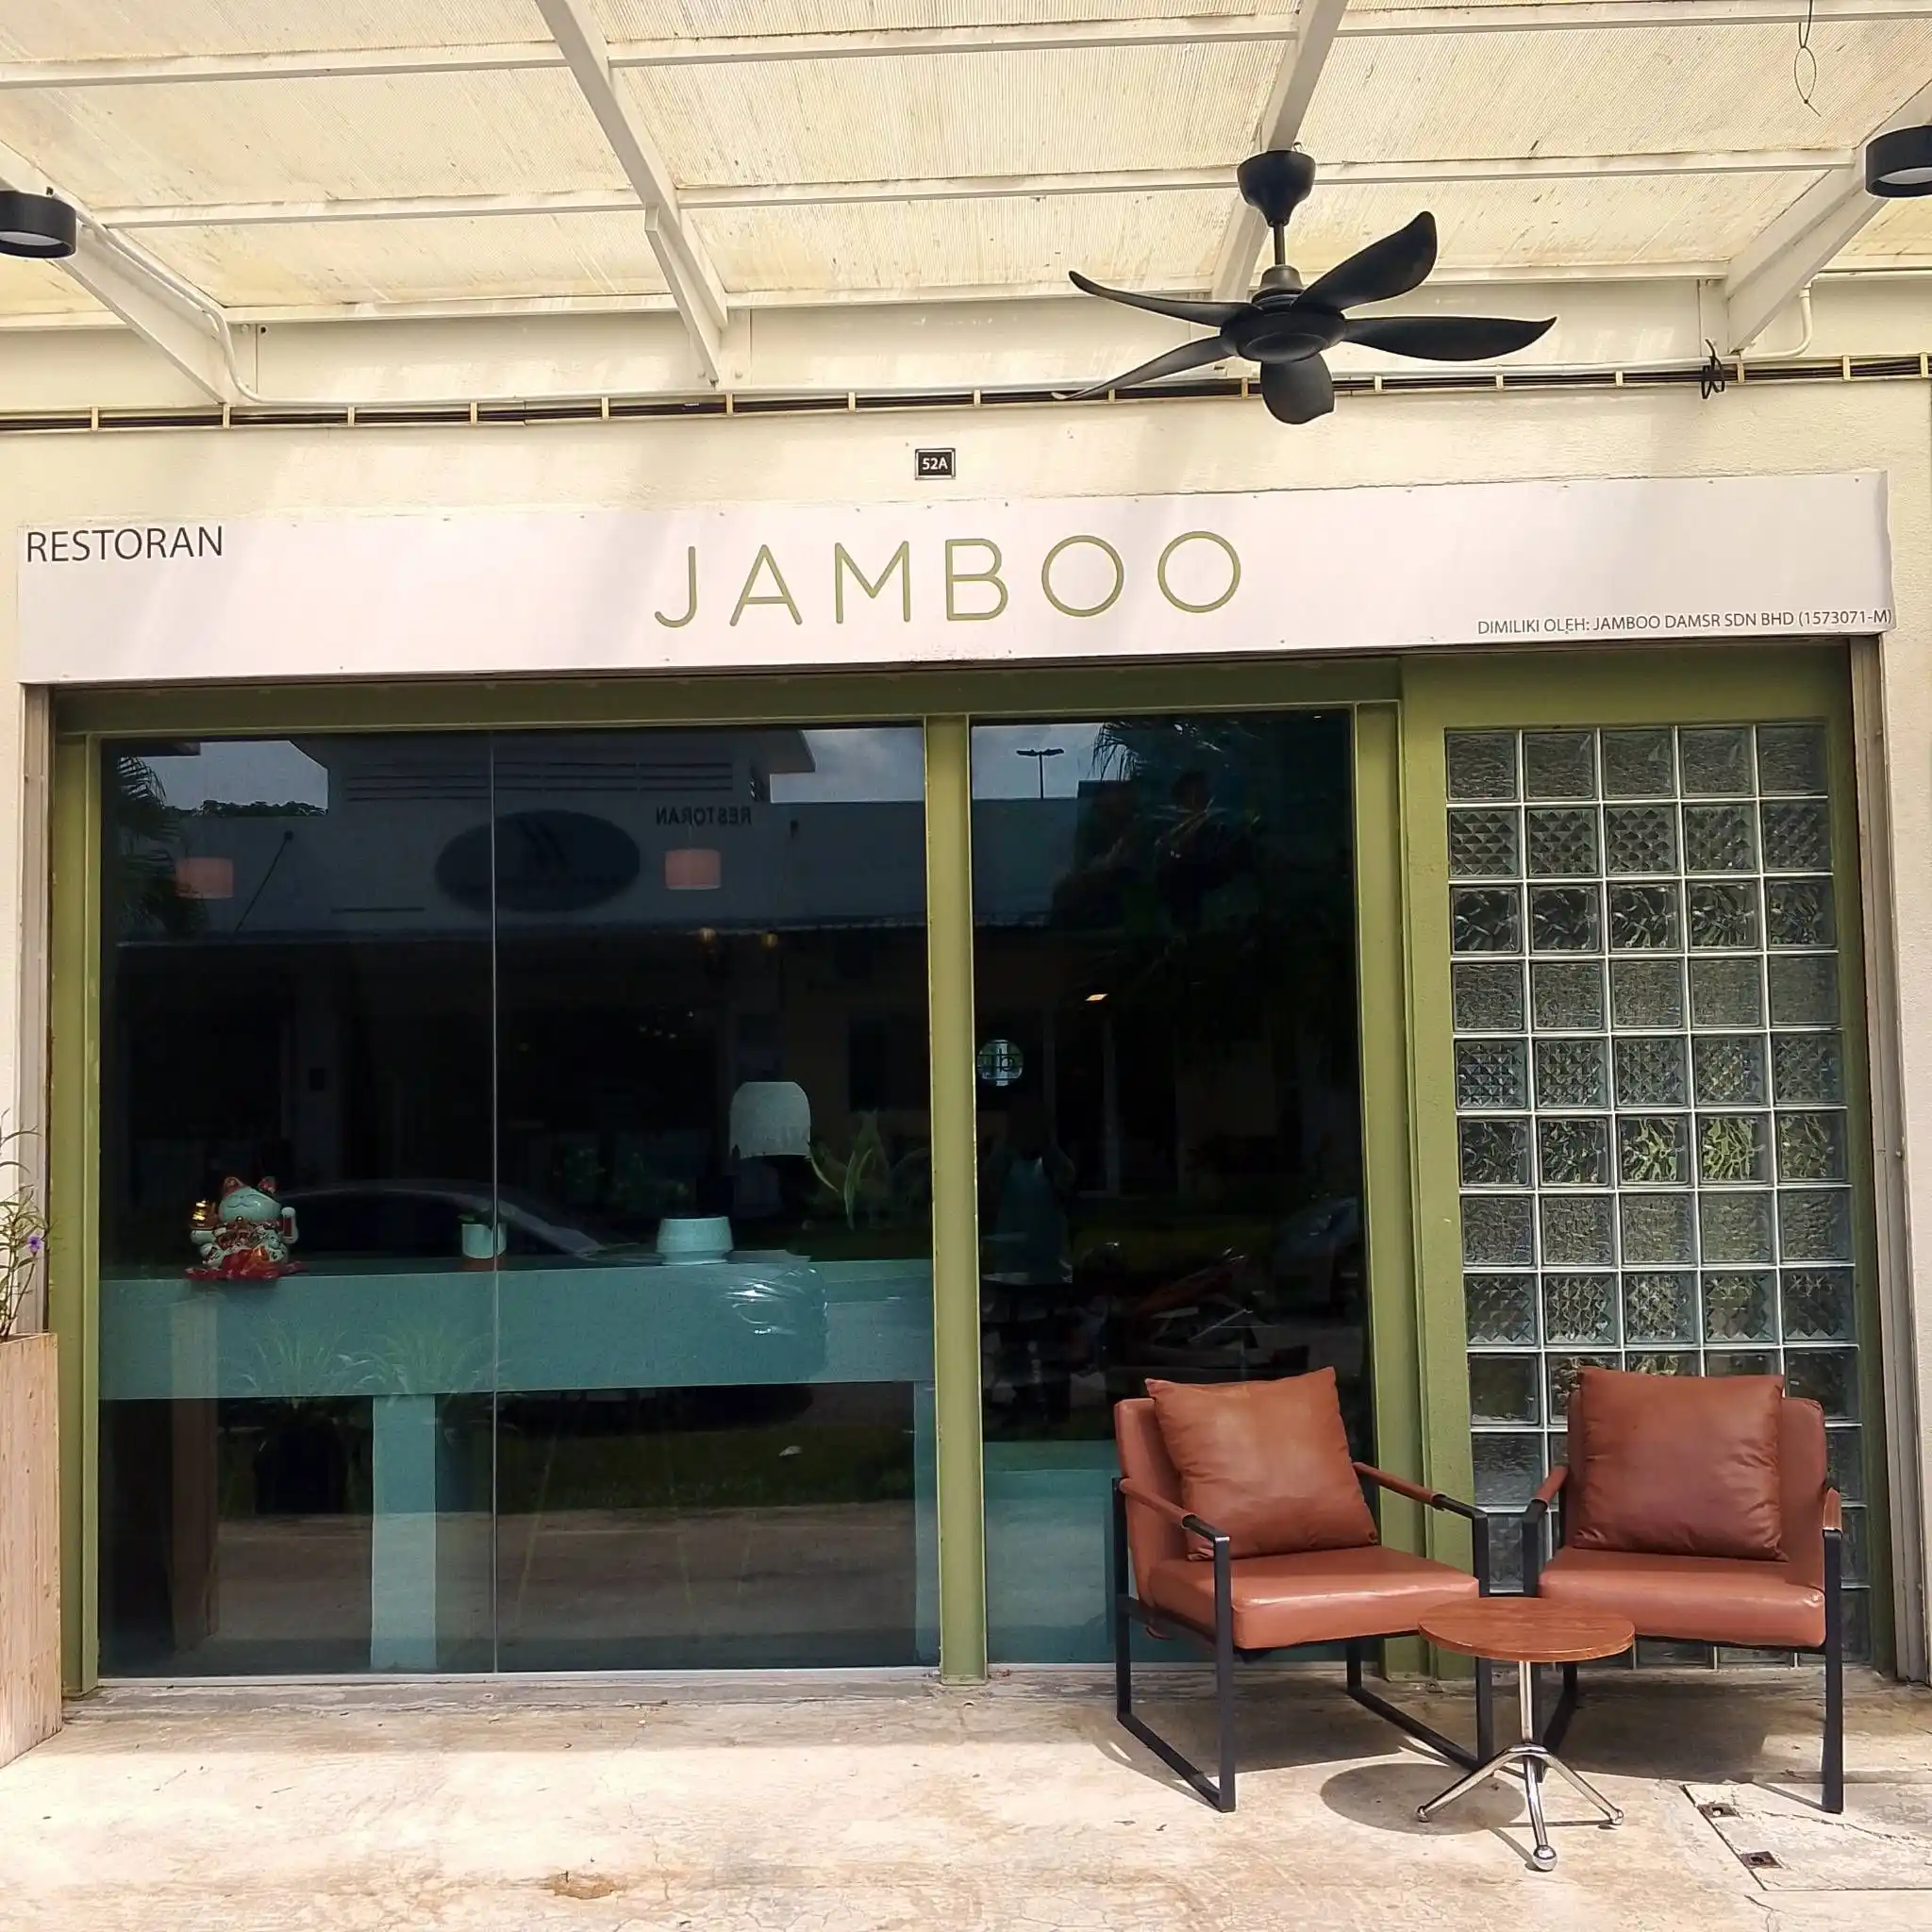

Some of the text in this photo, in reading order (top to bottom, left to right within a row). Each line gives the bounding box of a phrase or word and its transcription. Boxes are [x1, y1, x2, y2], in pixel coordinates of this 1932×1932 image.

[922, 457, 948, 471] 52A
[26, 525, 223, 562] RESTORAN
[654, 530, 1241, 628] JAMBOO
[1477, 608, 1892, 635] DIMILIKI OLEH: JAMBOO DAMSR SDN BHD (1573071-M)

◆ What to produce
Leaving out any images, restate every record word for word.

◆ Expected answer
Some of the text in this photo, in reading order (top to bottom, left to right within a row). Each line gives the bounding box of a phrase or word and its transcription. Boxes are [x1, y1, x2, y2], in pixel coordinates of this 1932×1932 image.

[922, 457, 948, 471] 52A
[26, 525, 223, 562] RESTORAN
[654, 530, 1241, 628] JAMBOO
[1477, 608, 1892, 635] DIMILIKI OLEH: JAMBOO DAMSR SDN BHD (1573071-M)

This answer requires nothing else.